Reproduce the whole of the records exactly, and make sure no picture is carried into the result.

------ The input

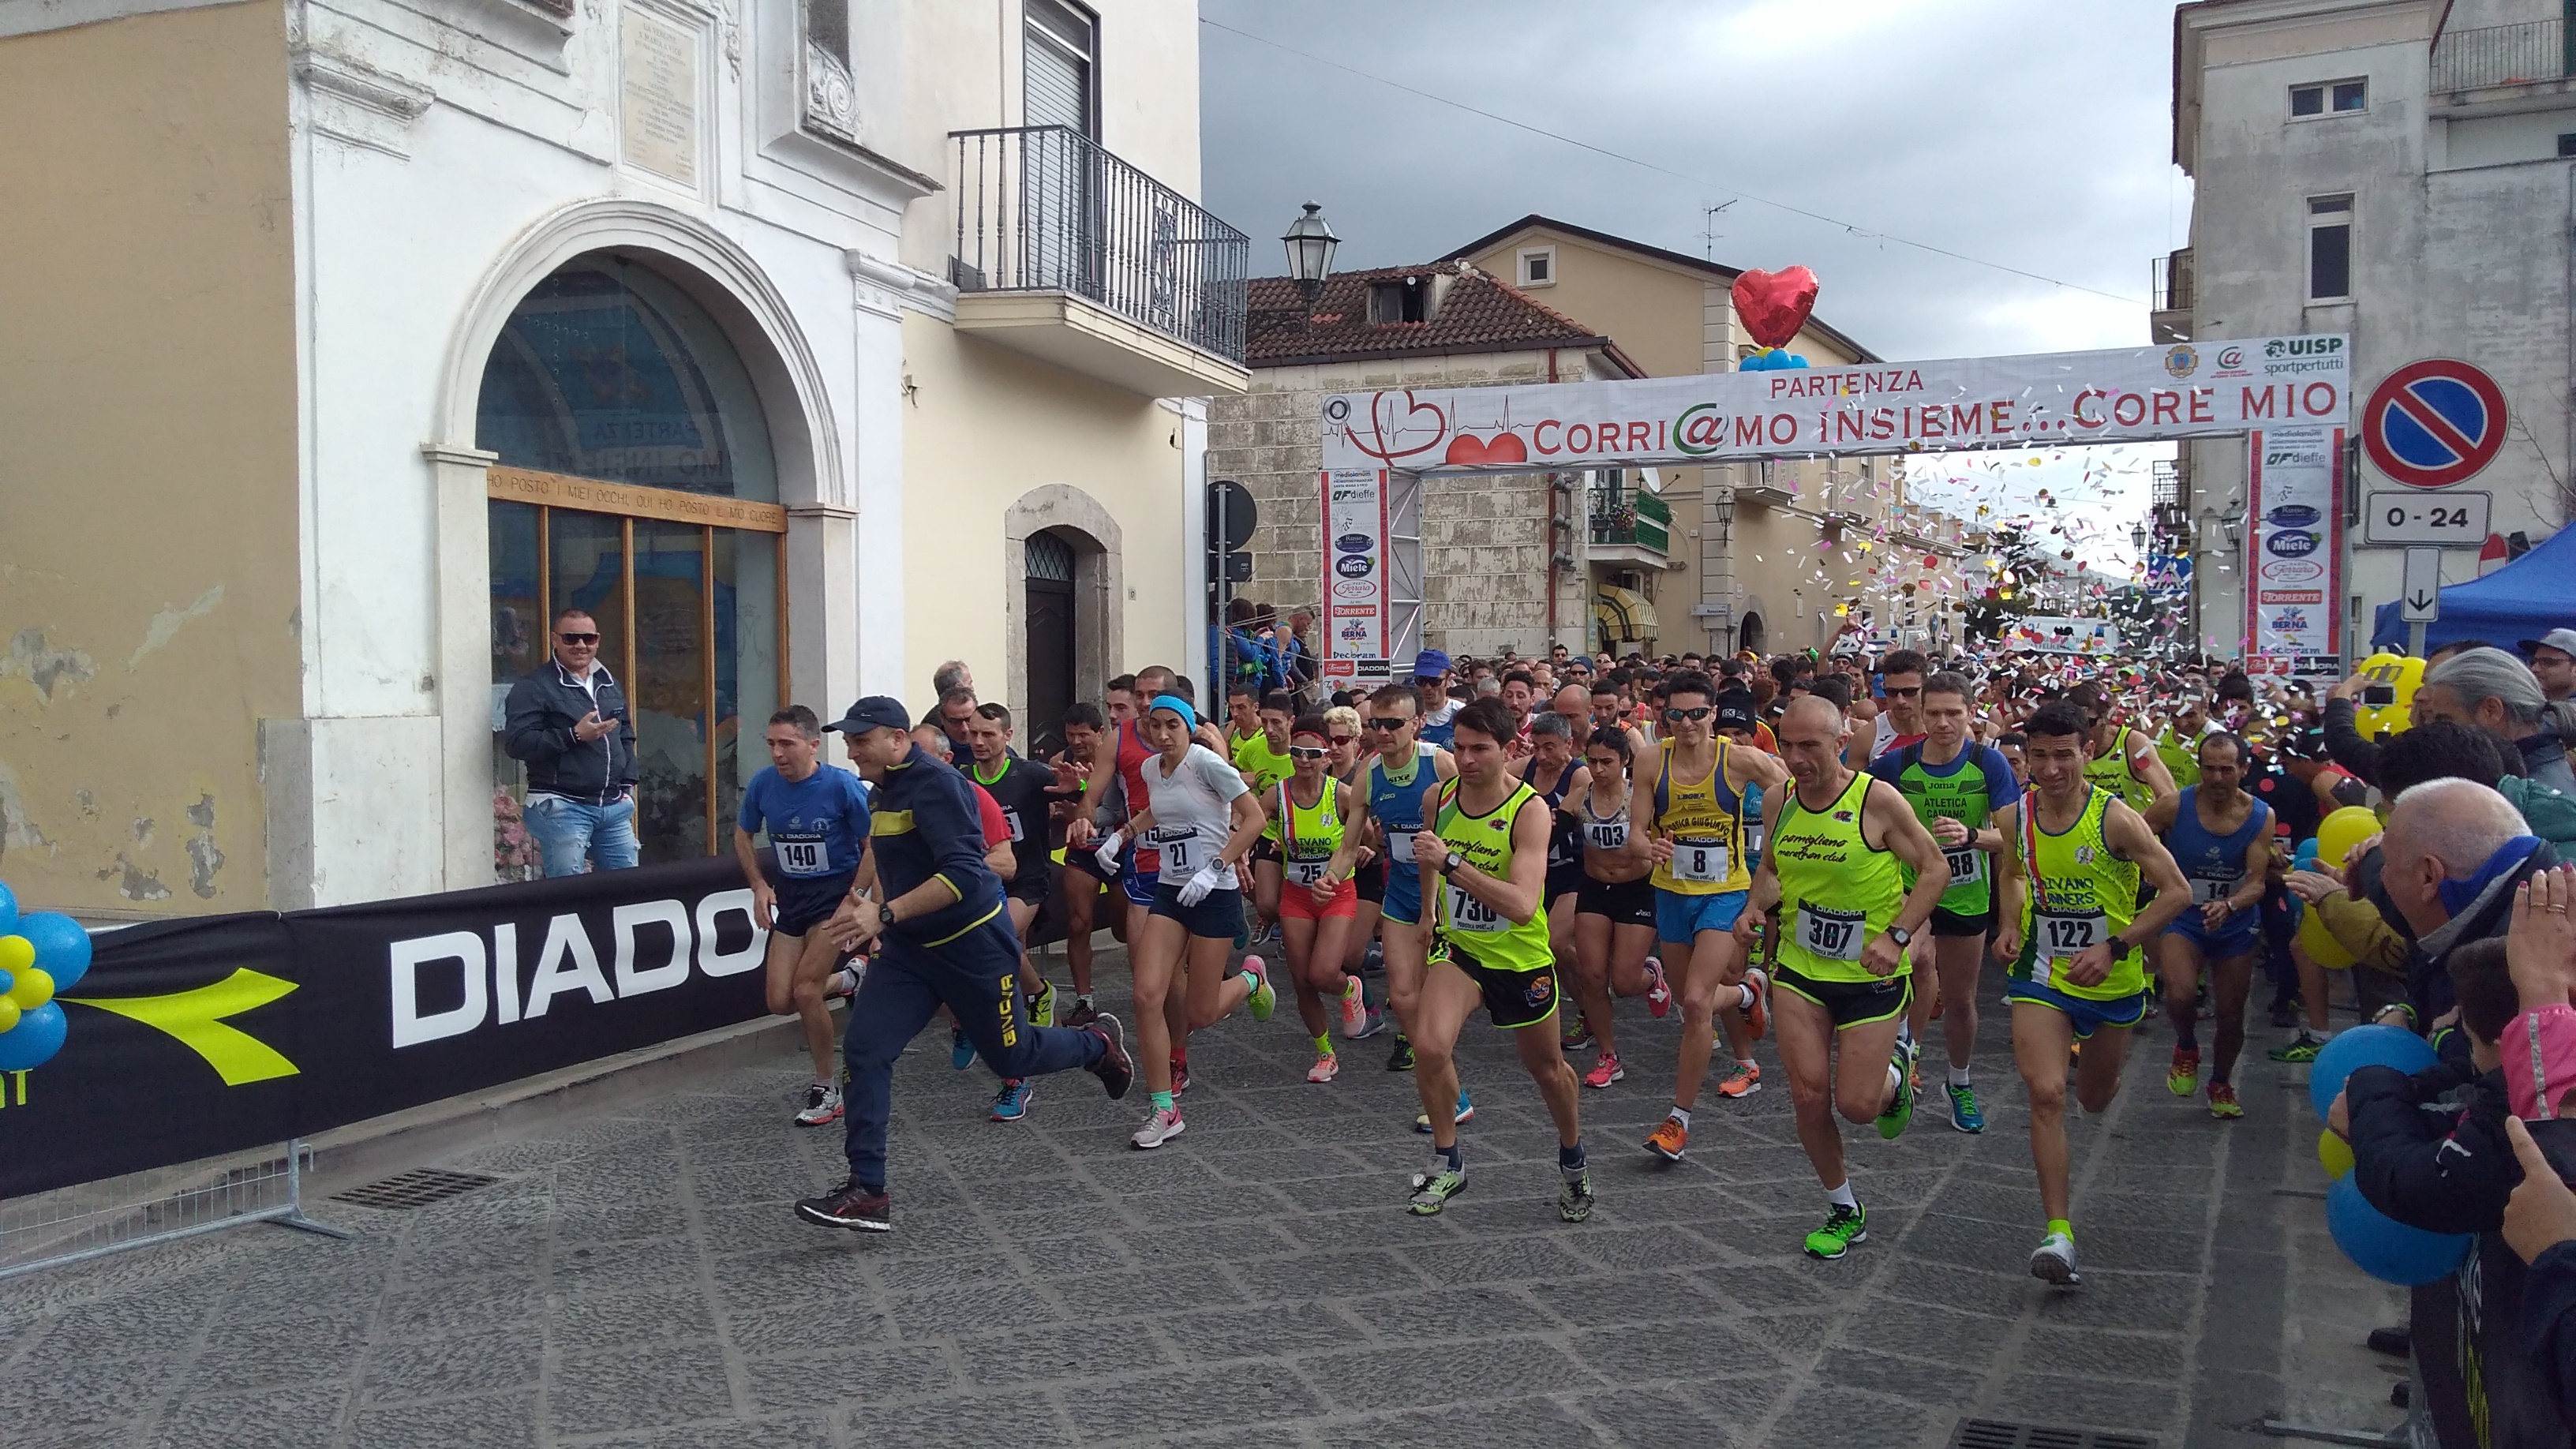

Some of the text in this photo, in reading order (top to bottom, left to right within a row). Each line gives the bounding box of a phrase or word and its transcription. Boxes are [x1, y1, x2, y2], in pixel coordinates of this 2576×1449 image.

[2290, 338, 2343, 355] UISP
[2264, 357, 2343, 376] sportpertutti
[1771, 369, 1924, 399] PARTENZA
[2241, 381, 2337, 420] MIO
[2293, 451, 2326, 463] dieffe
[511, 477, 549, 494] POSTO
[567, 485, 590, 500] MIEI
[597, 489, 630, 507] OCCHI,
[636, 495, 653, 508] QUI
[659, 499, 672, 511] HO
[680, 500, 710, 515] POSTO
[729, 507, 744, 520] MIO
[750, 509, 777, 524] CUORE
[1350, 489, 1375, 500] dieffe
[2430, 507, 2469, 528] 24
[2273, 538, 2312, 551] Miele
[1341, 563, 1368, 572] Miele
[1339, 584, 1370, 593] Ferrara
[2272, 620, 2308, 630] BERNA
[1923, 797, 1968, 807] ATLETICA
[1926, 809, 1966, 819] CAIVANO
[1691, 818, 1730, 836] GIUGLIANO
[1592, 826, 1624, 847] 403
[784, 844, 816, 866] 140
[1169, 842, 1187, 867] 27
[1694, 850, 1705, 873] 8
[1822, 852, 1847, 863] club
[1301, 865, 1322, 884] 25
[2207, 882, 2230, 900] 14
[1816, 905, 1863, 916] DIADORA
[1808, 915, 1854, 951] 307
[2047, 920, 2095, 948] 122

------------

> _Reply to the exercise_
Some of the text in this photo, in reading order (top to bottom, left to right within a row). Each line gives the bounding box of a phrase or word and its transcription. Boxes are [x1, y1, x2, y2], in pixel coordinates of this 2576×1449 image.

[2290, 338, 2343, 355] UISP
[2264, 357, 2343, 376] sportpertutti
[1771, 369, 1924, 399] PARTENZA
[2241, 381, 2337, 420] MIO
[2293, 451, 2326, 463] dieffe
[511, 477, 549, 494] POSTO
[567, 485, 590, 500] MIEI
[597, 489, 630, 507] OCCHI,
[636, 495, 653, 508] QUI
[659, 499, 672, 511] HO
[680, 500, 710, 515] POSTO
[729, 507, 744, 520] MIO
[750, 509, 777, 524] CUORE
[1350, 489, 1375, 500] dieffe
[2430, 507, 2469, 528] 24
[2273, 538, 2312, 551] Miele
[1341, 563, 1368, 572] Miele
[1339, 584, 1370, 593] Ferrara
[2272, 620, 2308, 630] BERNA
[1923, 797, 1968, 807] ATLETICA
[1926, 809, 1966, 819] CAIVANO
[1691, 818, 1730, 836] GIUGLIANO
[1592, 826, 1624, 847] 403
[784, 844, 816, 866] 140
[1169, 842, 1187, 867] 27
[1694, 850, 1705, 873] 8
[1822, 852, 1847, 863] club
[1301, 865, 1322, 884] 25
[2207, 882, 2230, 900] 14
[1816, 905, 1863, 916] DIADORA
[1808, 915, 1854, 951] 307
[2047, 920, 2095, 948] 122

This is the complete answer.